Choice Functions for Indefinite Determiners

@cite{reinhart-1997} @cite{kratzer-1998} @cite{winter-1997}

Choice functions provide an alternative to existential quantification for the semantics of indefinite NPs. A choice function selects a single individual from a non-empty set, yielding a referential (type e) meaning for the indefinite DP.

Motivation

The standard ∃-quantifier analysis of indefinites predicts scope via QR or alternative mechanisms. Choice functions predict scope via the binding site of the choice function variable itself:

• Free CF variable (Reinhart): existentially closed at any scope site → flexible scope (wide, intermediate, narrow)
• Contextually bound CF (Kratzer): situation parameter determines scope → scope fixed by situation binding

World-Skolemized Choice Functions

@cite{mirrazi-2024} proposes that indefinite determiners can introduce a world variable into the choice function, yielding type ⟨s, ⟨⟨e,t⟩, e⟩⟩. When this world variable is bound by an intensional operator, the CF picks possibly different individuals in different worlds (de dicto), while the existential closure over the CF itself can sit above negation (wide pseudo-scope). When the world variable is free, the CF is evaluated at the actual world (de re). This is captured by connecting SkolemCF to Core.SitVarStatus.

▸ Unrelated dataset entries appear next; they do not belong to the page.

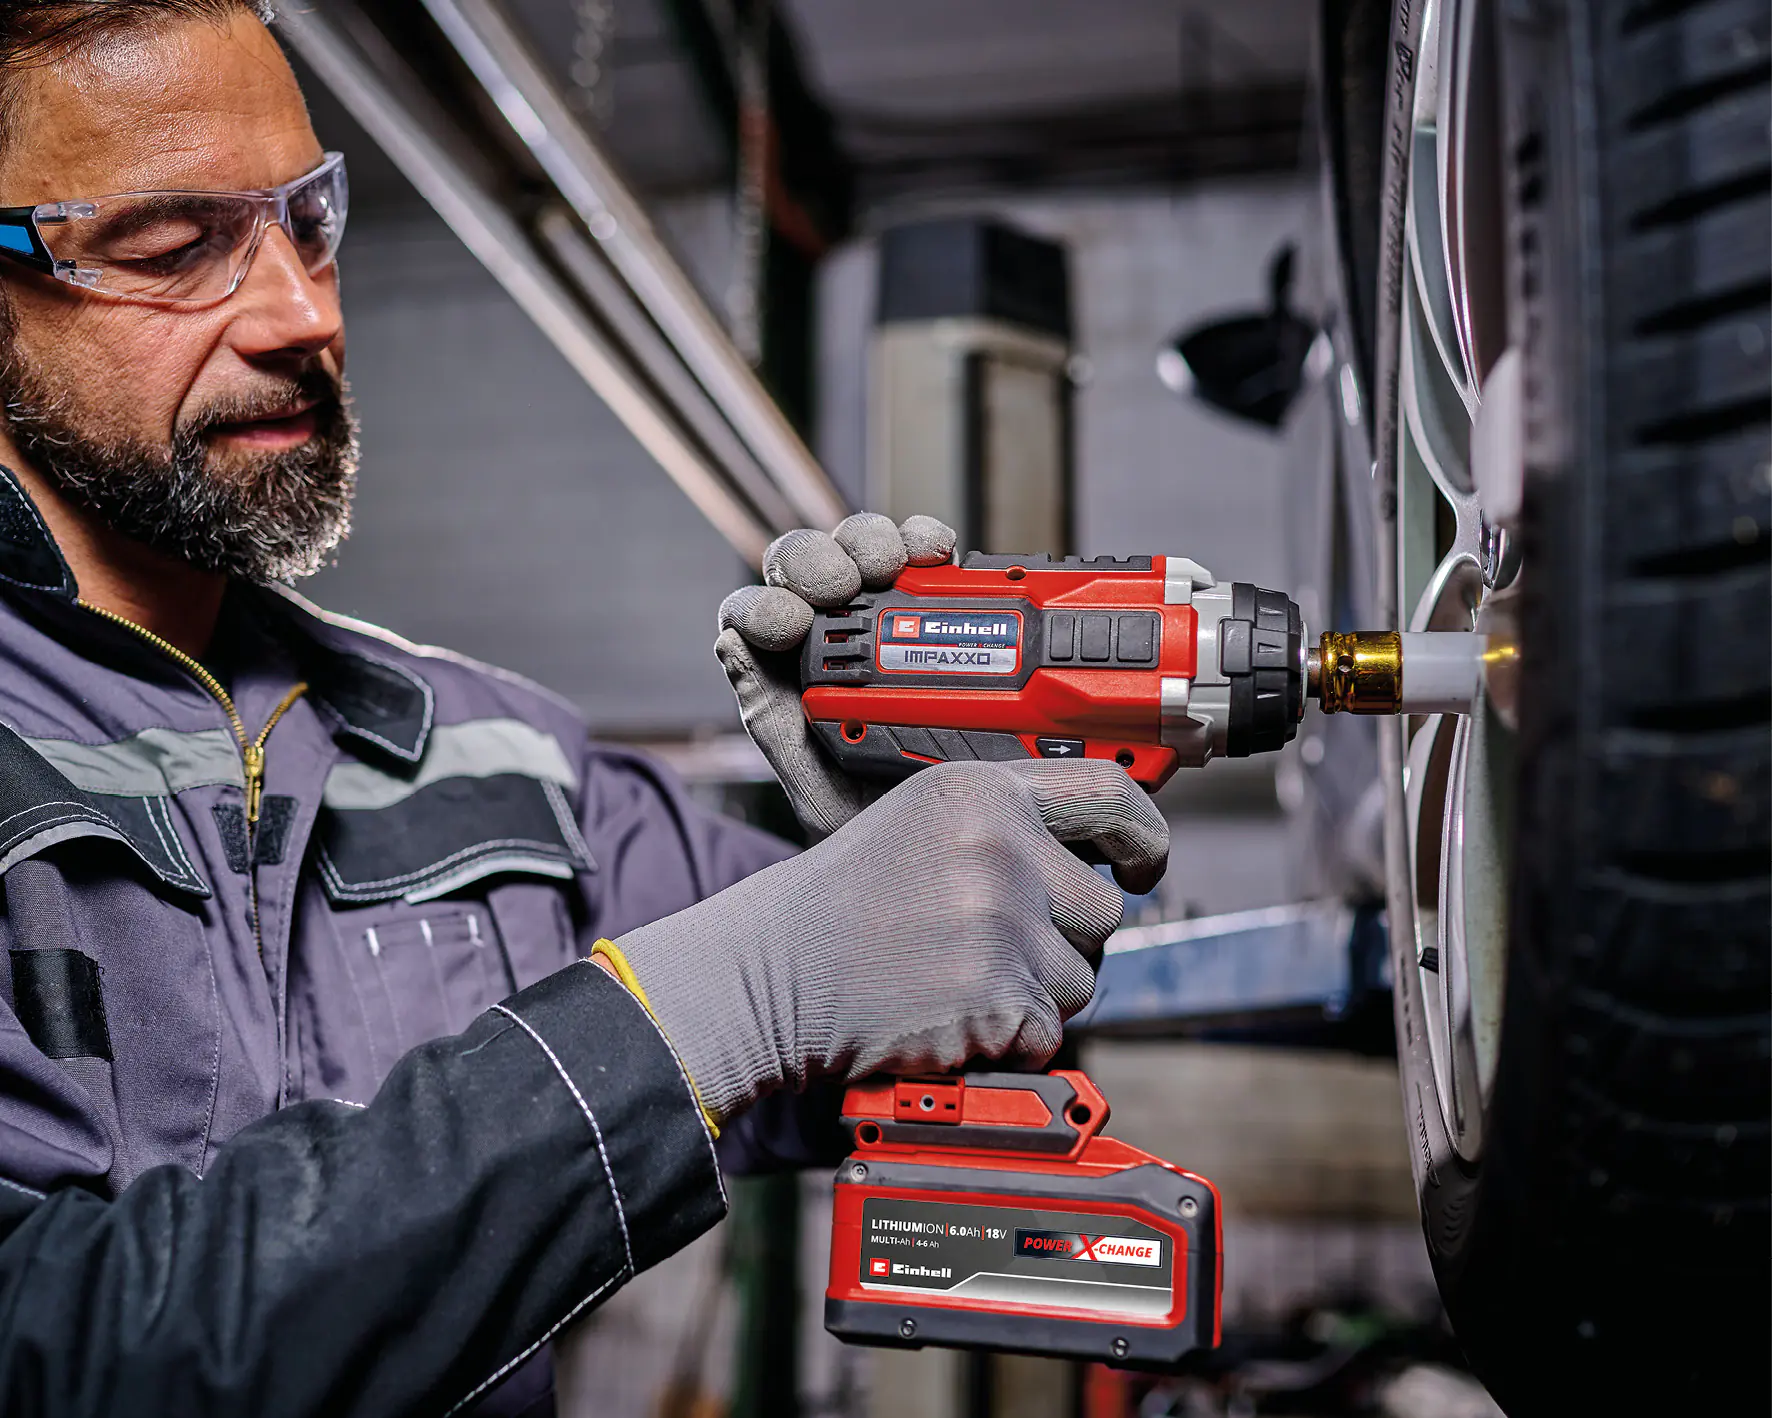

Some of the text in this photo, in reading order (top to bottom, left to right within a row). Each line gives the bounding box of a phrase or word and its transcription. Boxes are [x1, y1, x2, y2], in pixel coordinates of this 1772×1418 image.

[924, 621, 1007, 635] Einhell
[904, 650, 991, 665] IMPAXXO
[949, 1225, 981, 1238] 6.0Ah
[985, 1228, 1008, 1240] 18V
[871, 1235, 940, 1249] MULTI-Ah 4-6 Ah
[1023, 1236, 1073, 1253] POWER
[892, 1263, 952, 1279] Einhell
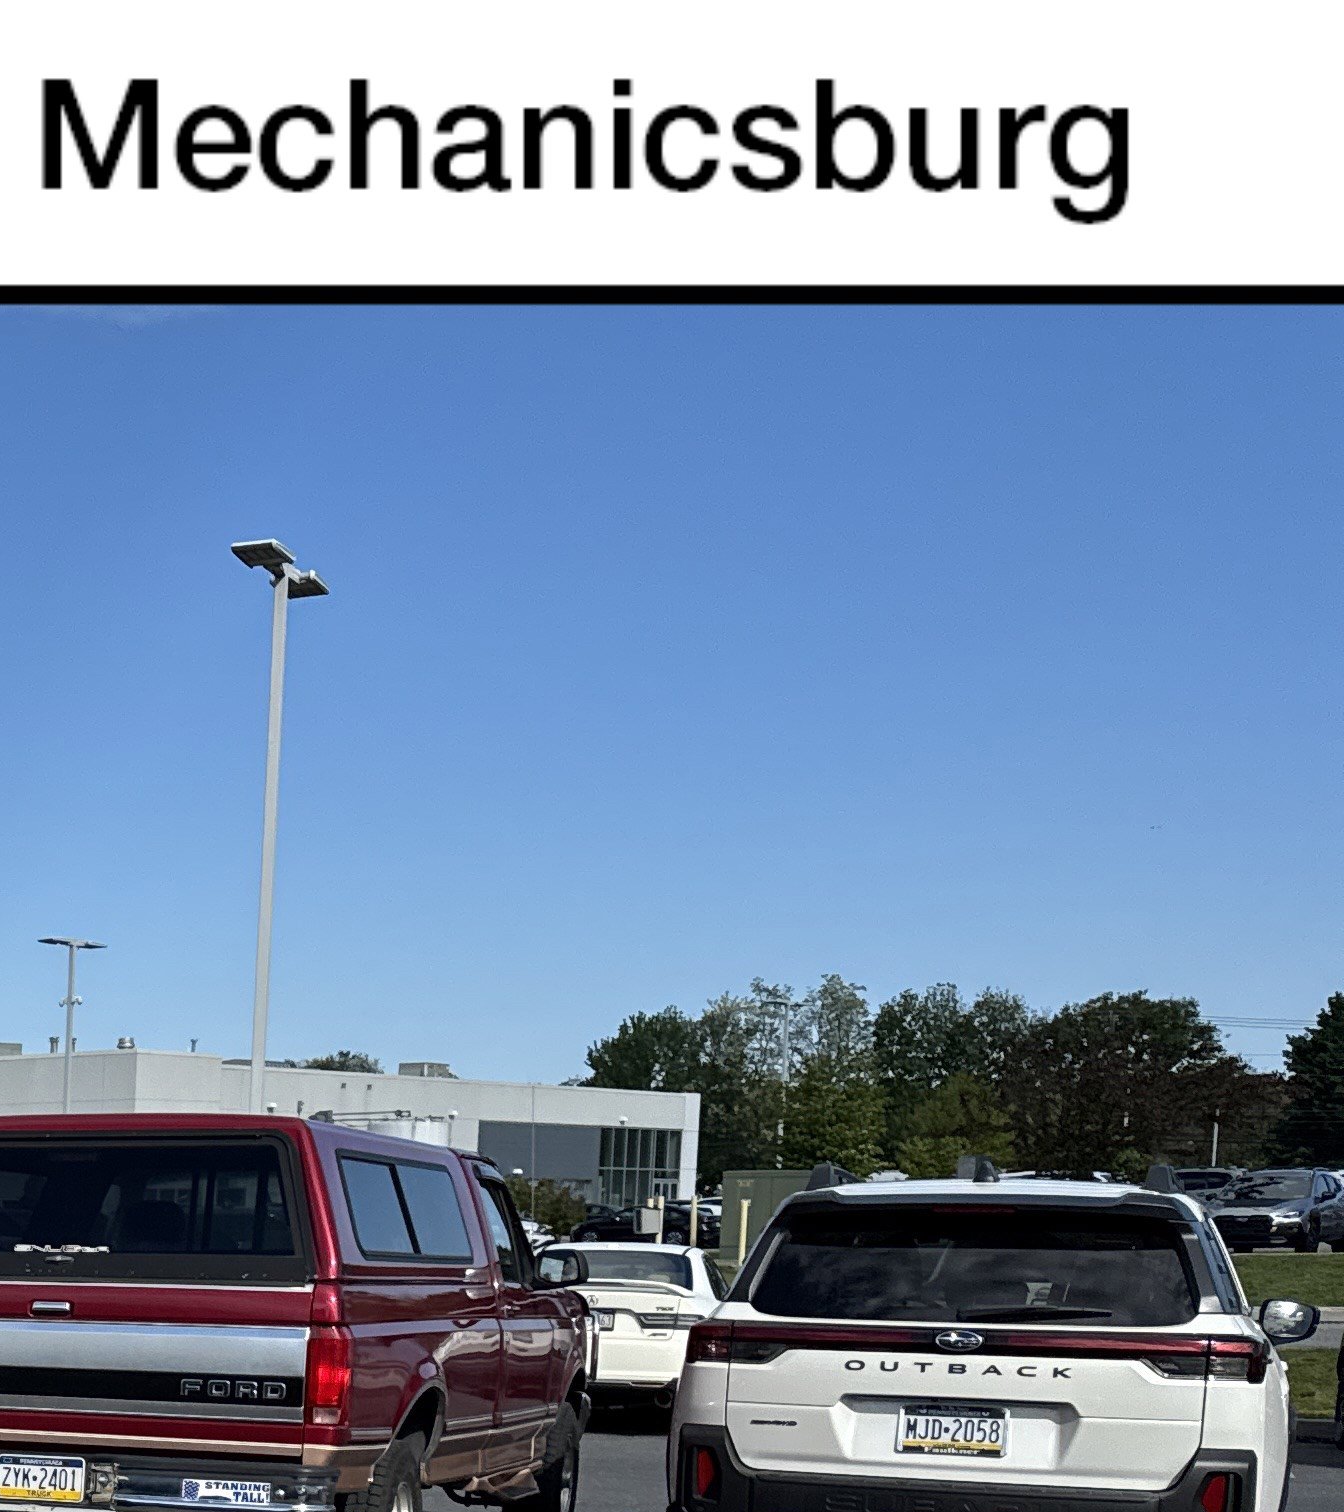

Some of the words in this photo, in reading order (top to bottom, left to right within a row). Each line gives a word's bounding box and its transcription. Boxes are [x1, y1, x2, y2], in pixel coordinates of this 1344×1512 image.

Application to African Languages

@cite{zimmermann-2008} analyses Hausa wani/wata as a standard ∃-quantifier, predicting flexible scope via QR.

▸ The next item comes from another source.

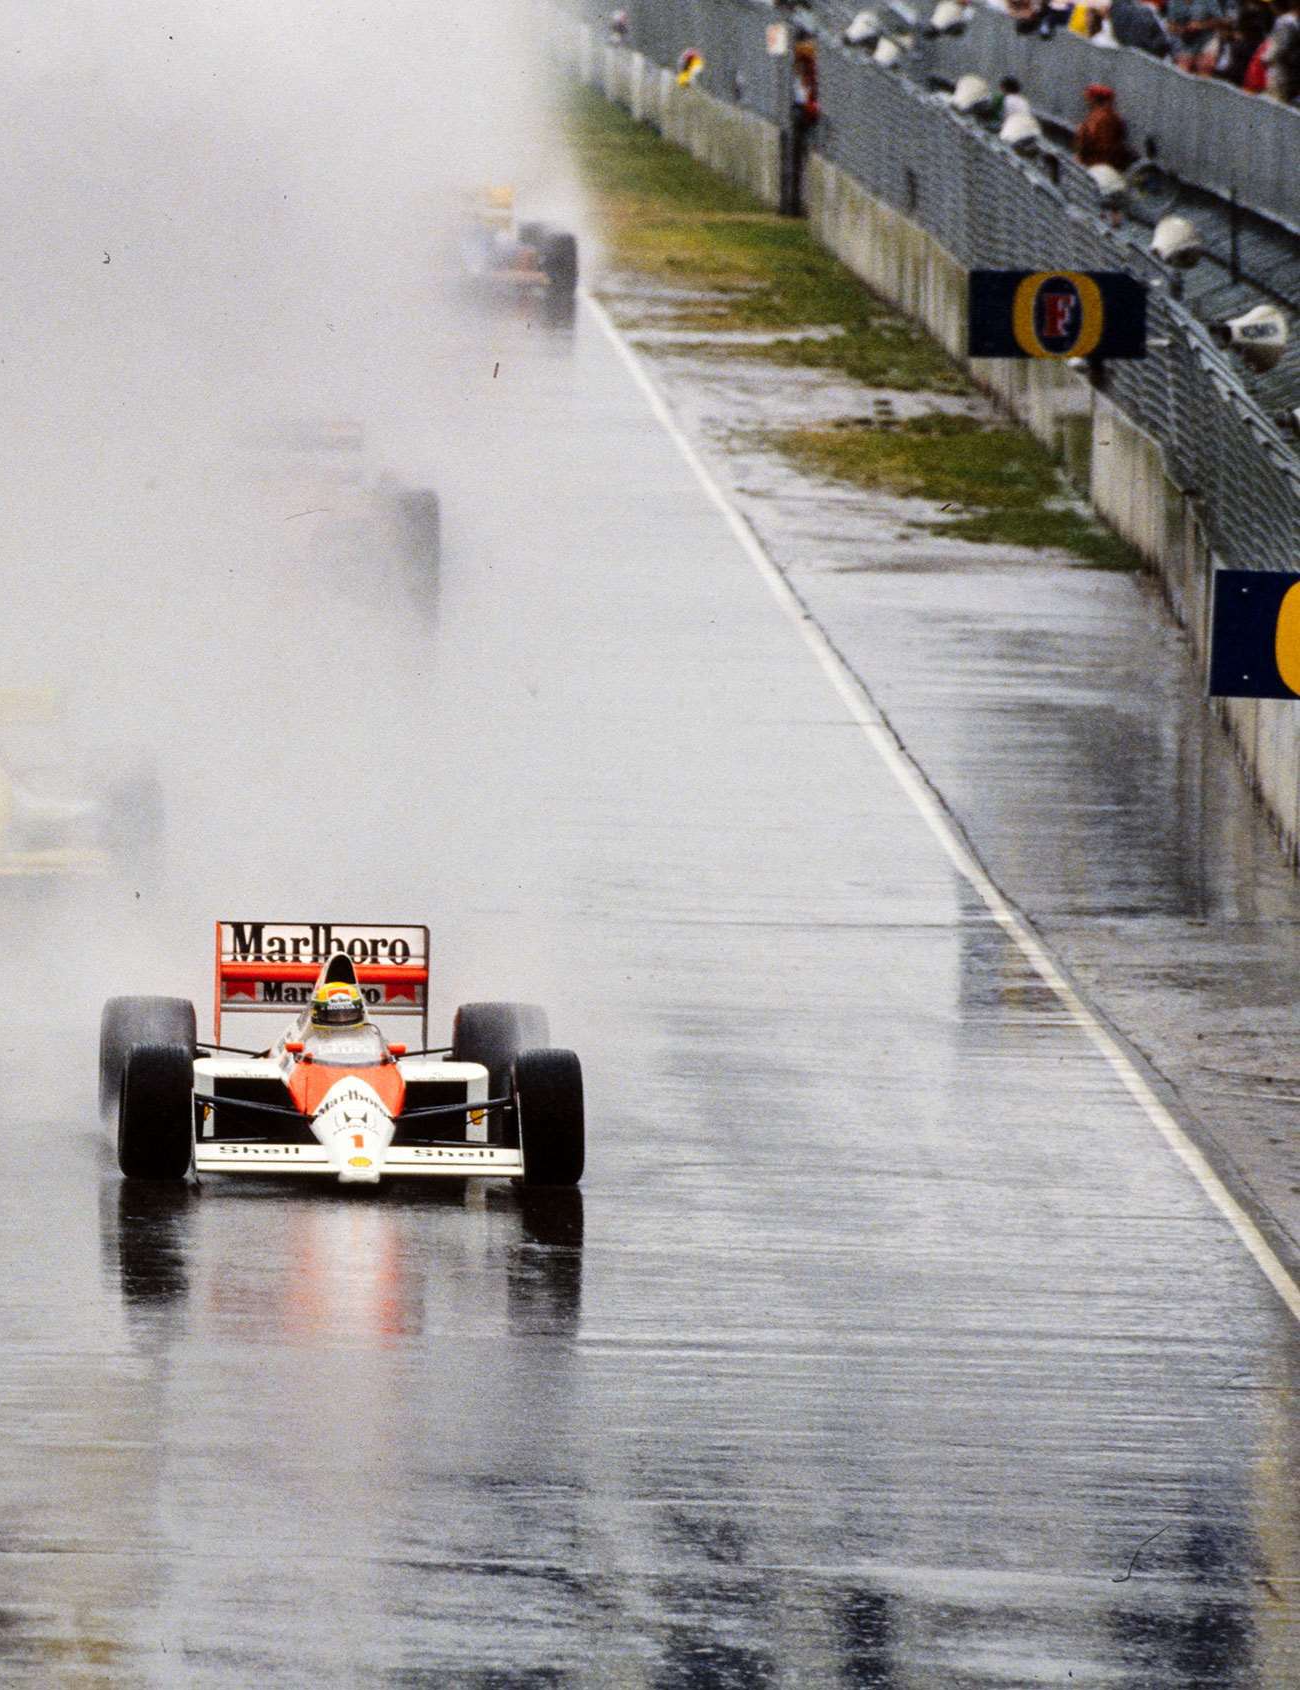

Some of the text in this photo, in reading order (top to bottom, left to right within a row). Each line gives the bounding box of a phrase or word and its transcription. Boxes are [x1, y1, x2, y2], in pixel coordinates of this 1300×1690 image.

[231, 924, 411, 966] Marlboro
[350, 1134, 365, 1149] 1
[218, 1145, 301, 1155] Shell
[413, 1148, 496, 1158] Shell

@cite{owusu-2022} analyses Akan bí as a skolemized choice function with a situation parameter (SkolemCF), explaining why bí takes obligatory wide scope under negation: the choice function is evaluated relative to the resource situation, which negation cannot shift.

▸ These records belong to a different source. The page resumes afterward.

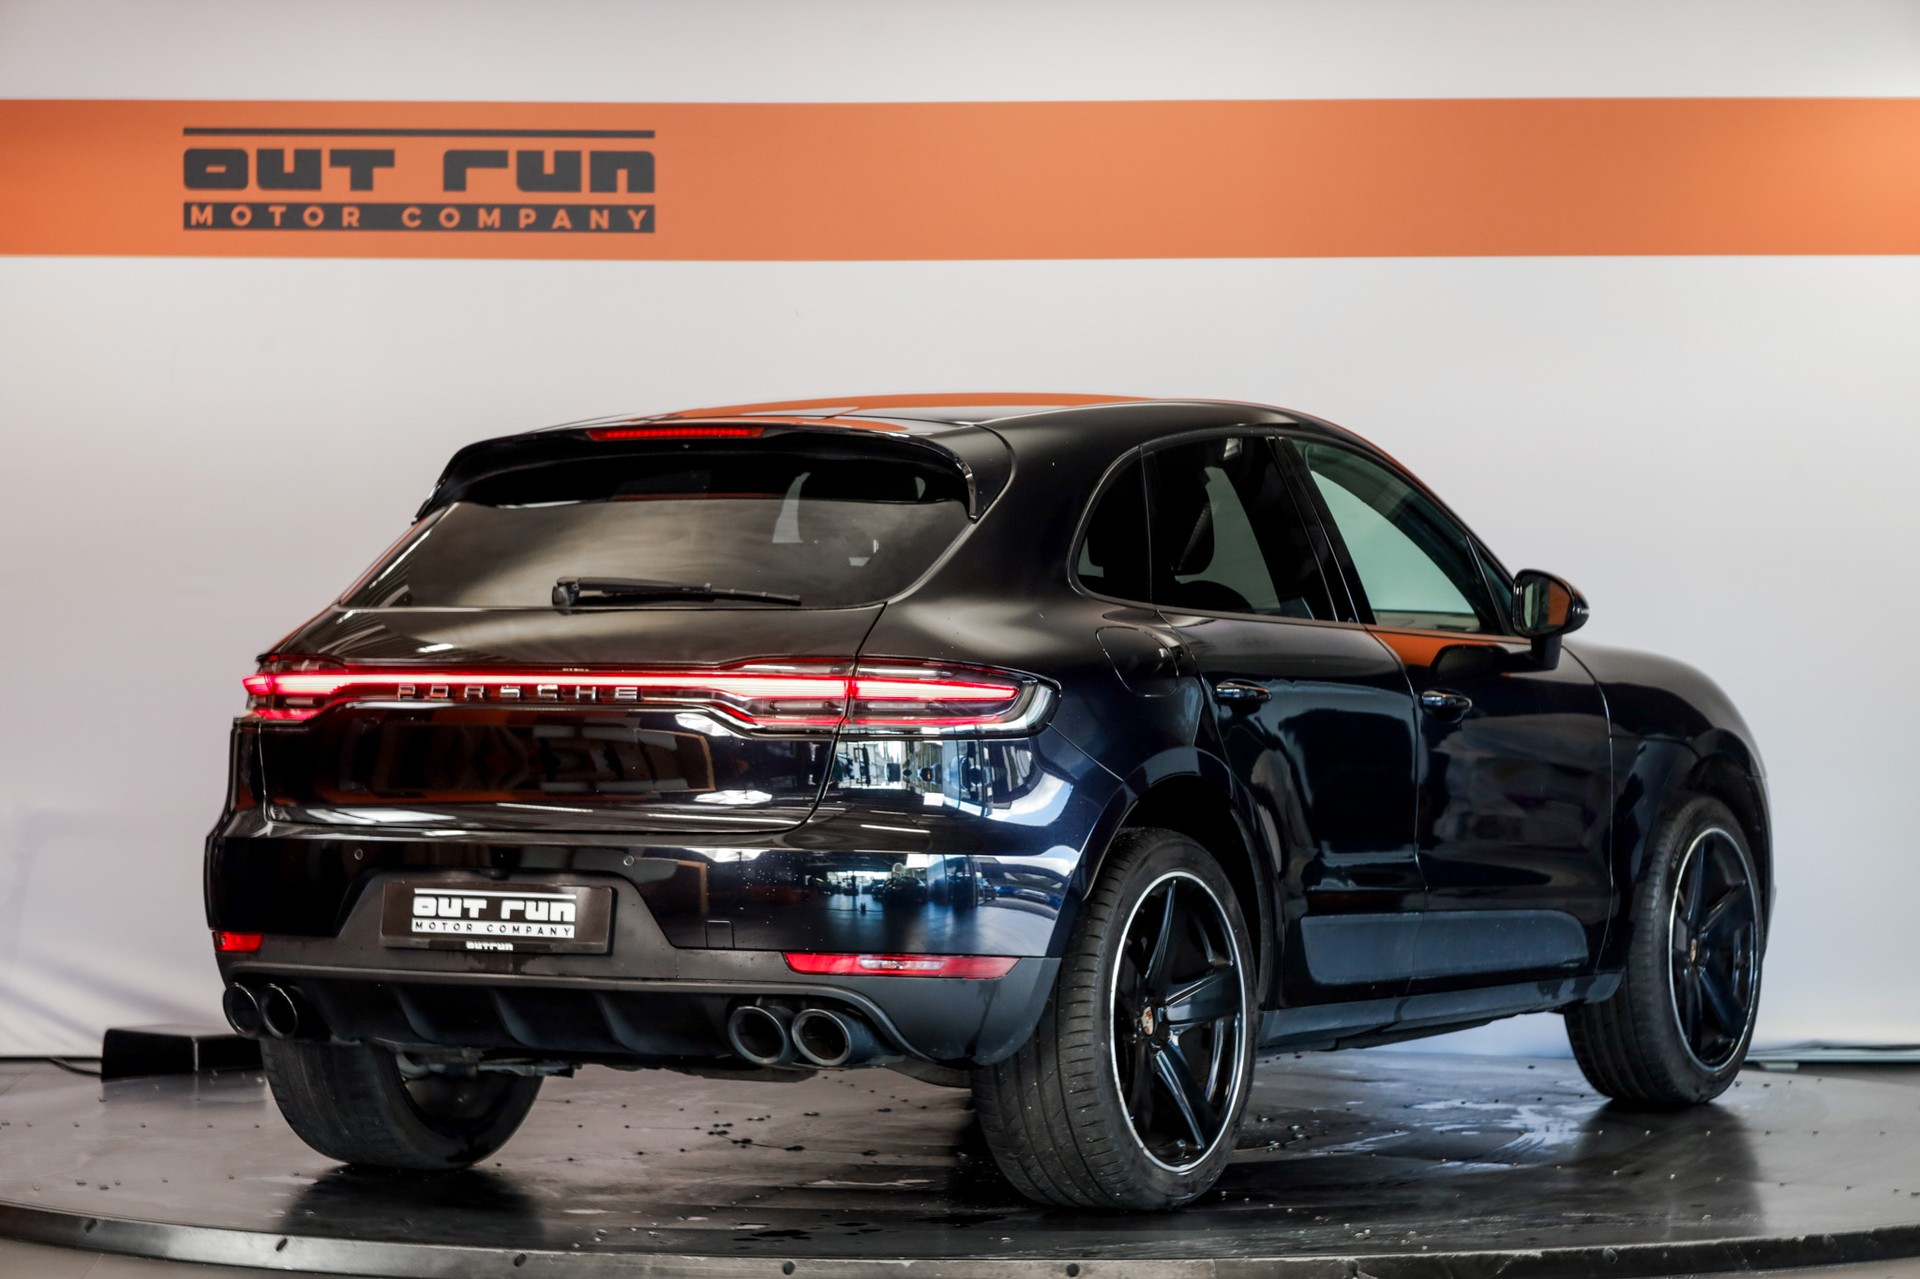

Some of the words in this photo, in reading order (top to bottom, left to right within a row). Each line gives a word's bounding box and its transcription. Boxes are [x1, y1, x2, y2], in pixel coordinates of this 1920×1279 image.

[191, 205, 360, 227] MOTOR
[402, 208, 648, 230] COMPANY
[398, 684, 639, 701] PORSCHE
[415, 921, 473, 932] MOTOR
[487, 924, 571, 936] COMPANY

def Semantics.Quantification.ChoiceFunction.CF (E : Type u_1) : Type u_1

A choice function selects an individual from a property. @cite{reinhart-1997}: type ⟨⟨e,t⟩, e⟩.

Equations

• Semantics.Quantification.ChoiceFunction.CF E = ((E → Prop) → E)

def Semantics.Quantification.ChoiceFunction.CF.isCorrect {E : Type u_1} (f : CF E) : Prop

A choice function is correct if it always selects a member of the input set (when non-empty).

Equations

• f.isCorrect = ∀ (P : E → Prop), (∃ (x : E), P x) → P (f P)

def Semantics.Quantification.ChoiceFunction.cfIndefSem {E : Type u_1} (f : CF E) (nounProp : E → Prop) : E

An indefinite DP with choice function semantics denotes an individual: the result of applying the CF to the NP-property.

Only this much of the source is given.